Spatial localization data:
==================================================

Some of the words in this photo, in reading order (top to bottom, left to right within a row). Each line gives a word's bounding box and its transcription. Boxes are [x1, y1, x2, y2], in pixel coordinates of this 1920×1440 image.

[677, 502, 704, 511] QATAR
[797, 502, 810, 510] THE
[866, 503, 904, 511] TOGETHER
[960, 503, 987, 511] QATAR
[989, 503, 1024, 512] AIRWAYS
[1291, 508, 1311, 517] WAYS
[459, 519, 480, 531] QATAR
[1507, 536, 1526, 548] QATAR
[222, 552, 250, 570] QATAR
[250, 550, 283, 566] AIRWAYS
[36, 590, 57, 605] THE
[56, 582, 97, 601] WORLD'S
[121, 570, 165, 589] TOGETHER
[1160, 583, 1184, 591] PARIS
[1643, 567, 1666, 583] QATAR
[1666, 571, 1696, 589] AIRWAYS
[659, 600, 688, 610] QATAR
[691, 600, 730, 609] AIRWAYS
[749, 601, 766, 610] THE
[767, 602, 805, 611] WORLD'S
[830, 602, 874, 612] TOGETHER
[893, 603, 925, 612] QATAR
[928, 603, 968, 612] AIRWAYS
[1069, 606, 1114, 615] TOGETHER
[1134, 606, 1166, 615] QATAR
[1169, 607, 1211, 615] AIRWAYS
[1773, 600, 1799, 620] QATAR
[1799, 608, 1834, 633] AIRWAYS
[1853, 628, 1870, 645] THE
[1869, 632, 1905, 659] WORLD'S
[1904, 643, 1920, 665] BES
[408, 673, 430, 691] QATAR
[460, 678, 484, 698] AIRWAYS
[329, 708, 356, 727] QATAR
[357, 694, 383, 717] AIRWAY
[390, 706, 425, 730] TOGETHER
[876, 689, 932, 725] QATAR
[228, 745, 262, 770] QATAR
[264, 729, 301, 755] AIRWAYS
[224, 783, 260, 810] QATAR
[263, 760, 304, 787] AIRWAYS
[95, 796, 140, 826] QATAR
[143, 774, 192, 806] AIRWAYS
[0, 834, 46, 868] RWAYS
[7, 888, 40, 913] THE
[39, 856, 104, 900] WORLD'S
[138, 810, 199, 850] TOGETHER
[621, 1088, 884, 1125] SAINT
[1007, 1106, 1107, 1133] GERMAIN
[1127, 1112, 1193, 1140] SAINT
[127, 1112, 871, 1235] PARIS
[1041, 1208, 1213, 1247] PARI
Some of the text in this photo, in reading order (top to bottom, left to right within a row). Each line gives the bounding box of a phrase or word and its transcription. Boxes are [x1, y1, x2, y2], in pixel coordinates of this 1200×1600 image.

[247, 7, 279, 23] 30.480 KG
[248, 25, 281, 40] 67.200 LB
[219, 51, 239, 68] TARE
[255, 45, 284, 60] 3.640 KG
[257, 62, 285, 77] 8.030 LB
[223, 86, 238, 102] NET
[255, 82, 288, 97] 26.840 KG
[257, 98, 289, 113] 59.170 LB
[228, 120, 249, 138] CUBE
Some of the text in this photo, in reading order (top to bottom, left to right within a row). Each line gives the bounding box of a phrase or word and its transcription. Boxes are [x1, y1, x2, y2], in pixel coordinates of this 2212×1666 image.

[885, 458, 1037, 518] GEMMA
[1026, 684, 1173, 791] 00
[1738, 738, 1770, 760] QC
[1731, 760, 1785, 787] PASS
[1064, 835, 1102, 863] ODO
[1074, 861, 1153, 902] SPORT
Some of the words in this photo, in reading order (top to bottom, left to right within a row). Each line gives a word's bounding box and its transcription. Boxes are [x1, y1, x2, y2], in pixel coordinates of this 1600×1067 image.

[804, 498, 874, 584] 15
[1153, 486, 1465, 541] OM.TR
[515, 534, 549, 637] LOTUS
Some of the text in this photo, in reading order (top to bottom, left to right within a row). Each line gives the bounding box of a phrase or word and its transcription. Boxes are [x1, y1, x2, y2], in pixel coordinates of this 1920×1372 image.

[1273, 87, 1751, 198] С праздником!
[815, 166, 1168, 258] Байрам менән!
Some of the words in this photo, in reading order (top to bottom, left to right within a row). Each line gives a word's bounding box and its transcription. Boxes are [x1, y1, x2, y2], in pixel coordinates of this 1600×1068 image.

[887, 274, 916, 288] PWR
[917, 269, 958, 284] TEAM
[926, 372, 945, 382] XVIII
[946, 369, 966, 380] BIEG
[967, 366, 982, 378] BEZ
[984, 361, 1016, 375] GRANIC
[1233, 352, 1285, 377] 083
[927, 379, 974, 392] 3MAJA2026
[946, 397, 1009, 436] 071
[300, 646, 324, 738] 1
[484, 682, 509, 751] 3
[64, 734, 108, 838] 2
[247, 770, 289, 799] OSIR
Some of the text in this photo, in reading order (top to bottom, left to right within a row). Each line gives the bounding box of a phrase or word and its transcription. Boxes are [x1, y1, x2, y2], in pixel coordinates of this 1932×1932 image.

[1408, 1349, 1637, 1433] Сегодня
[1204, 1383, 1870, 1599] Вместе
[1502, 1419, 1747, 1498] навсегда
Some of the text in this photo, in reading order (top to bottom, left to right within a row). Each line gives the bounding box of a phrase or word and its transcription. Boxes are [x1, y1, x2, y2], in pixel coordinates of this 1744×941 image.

==================================================

Brief -
The required response is a complete, exact copy of the records.

Response -
Some of the words in this photo, in reading order (top to bottom, left to right within a row). Each line gives a word's bounding box and its transcription. Boxes are [x1, y1, x2, y2], in pixel coordinates of this 1920×1440 image.

[677, 502, 704, 511] QATAR
[797, 502, 810, 510] THE
[866, 503, 904, 511] TOGETHER
[960, 503, 987, 511] QATAR
[989, 503, 1024, 512] AIRWAYS
[1291, 508, 1311, 517] WAYS
[459, 519, 480, 531] QATAR
[1507, 536, 1526, 548] QATAR
[222, 552, 250, 570] QATAR
[250, 550, 283, 566] AIRWAYS
[36, 590, 57, 605] THE
[56, 582, 97, 601] WORLD'S
[121, 570, 165, 589] TOGETHER
[1160, 583, 1184, 591] PARIS
[1643, 567, 1666, 583] QATAR
[1666, 571, 1696, 589] AIRWAYS
[659, 600, 688, 610] QATAR
[691, 600, 730, 609] AIRWAYS
[749, 601, 766, 610] THE
[767, 602, 805, 611] WORLD'S
[830, 602, 874, 612] TOGETHER
[893, 603, 925, 612] QATAR
[928, 603, 968, 612] AIRWAYS
[1069, 606, 1114, 615] TOGETHER
[1134, 606, 1166, 615] QATAR
[1169, 607, 1211, 615] AIRWAYS
[1773, 600, 1799, 620] QATAR
[1799, 608, 1834, 633] AIRWAYS
[1853, 628, 1870, 645] THE
[1869, 632, 1905, 659] WORLD'S
[1904, 643, 1920, 665] BES
[408, 673, 430, 691] QATAR
[460, 678, 484, 698] AIRWAYS
[329, 708, 356, 727] QATAR
[357, 694, 383, 717] AIRWAY
[390, 706, 425, 730] TOGETHER
[876, 689, 932, 725] QATAR
[228, 745, 262, 770] QATAR
[264, 729, 301, 755] AIRWAYS
[224, 783, 260, 810] QATAR
[263, 760, 304, 787] AIRWAYS
[95, 796, 140, 826] QATAR
[143, 774, 192, 806] AIRWAYS
[0, 834, 46, 868] RWAYS
[7, 888, 40, 913] THE
[39, 856, 104, 900] WORLD'S
[138, 810, 199, 850] TOGETHER
[621, 1088, 884, 1125] SAINT
[1007, 1106, 1107, 1133] GERMAIN
[1127, 1112, 1193, 1140] SAINT
[127, 1112, 871, 1235] PARIS
[1041, 1208, 1213, 1247] PARI
Some of the text in this photo, in reading order (top to bottom, left to right within a row). Each line gives the bounding box of a phrase or word and its transcription. Boxes are [x1, y1, x2, y2], in pixel coordinates of this 1200×1600 image.

[247, 7, 279, 23] 30.480 KG
[248, 25, 281, 40] 67.200 LB
[219, 51, 239, 68] TARE
[255, 45, 284, 60] 3.640 KG
[257, 62, 285, 77] 8.030 LB
[223, 86, 238, 102] NET
[255, 82, 288, 97] 26.840 KG
[257, 98, 289, 113] 59.170 LB
[228, 120, 249, 138] CUBE
Some of the text in this photo, in reading order (top to bottom, left to right within a row). Each line gives the bounding box of a phrase or word and its transcription. Boxes are [x1, y1, x2, y2], in pixel coordinates of this 2212×1666 image.

[885, 458, 1037, 518] GEMMA
[1026, 684, 1173, 791] 00
[1738, 738, 1770, 760] QC
[1731, 760, 1785, 787] PASS
[1064, 835, 1102, 863] ODO
[1074, 861, 1153, 902] SPORT
Some of the words in this photo, in reading order (top to bottom, left to right within a row). Each line gives a word's bounding box and its transcription. Boxes are [x1, y1, x2, y2], in pixel coordinates of this 1600×1067 image.

[804, 498, 874, 584] 15
[1153, 486, 1465, 541] OM.TR
[515, 534, 549, 637] LOTUS
Some of the text in this photo, in reading order (top to bottom, left to right within a row). Each line gives the bounding box of a phrase or word and its transcription. Boxes are [x1, y1, x2, y2], in pixel coordinates of this 1920×1372 image.

[1273, 87, 1751, 198] С праздником!
[815, 166, 1168, 258] Байрам менән!
Some of the words in this photo, in reading order (top to bottom, left to right within a row). Each line gives a word's bounding box and its transcription. Boxes are [x1, y1, x2, y2], in pixel coordinates of this 1600×1068 image.

[887, 274, 916, 288] PWR
[917, 269, 958, 284] TEAM
[926, 372, 945, 382] XVIII
[946, 369, 966, 380] BIEG
[967, 366, 982, 378] BEZ
[984, 361, 1016, 375] GRANIC
[1233, 352, 1285, 377] 083
[927, 379, 974, 392] 3MAJA2026
[946, 397, 1009, 436] 071
[300, 646, 324, 738] 1
[484, 682, 509, 751] 3
[64, 734, 108, 838] 2
[247, 770, 289, 799] OSIR
Some of the text in this photo, in reading order (top to bottom, left to right within a row). Each line gives the bounding box of a phrase or word and its transcription. Boxes are [x1, y1, x2, y2], in pixel coordinates of this 1932×1932 image.

[1408, 1349, 1637, 1433] Сегодня
[1204, 1383, 1870, 1599] Вместе
[1502, 1419, 1747, 1498] навсегда
Some of the text in this photo, in reading order (top to bottom, left to right within a row). Each line gives the bounding box of a phrase or word and its transcription. Boxes are [x1, y1, x2, y2], in pixel coordinates of this 1744×941 image.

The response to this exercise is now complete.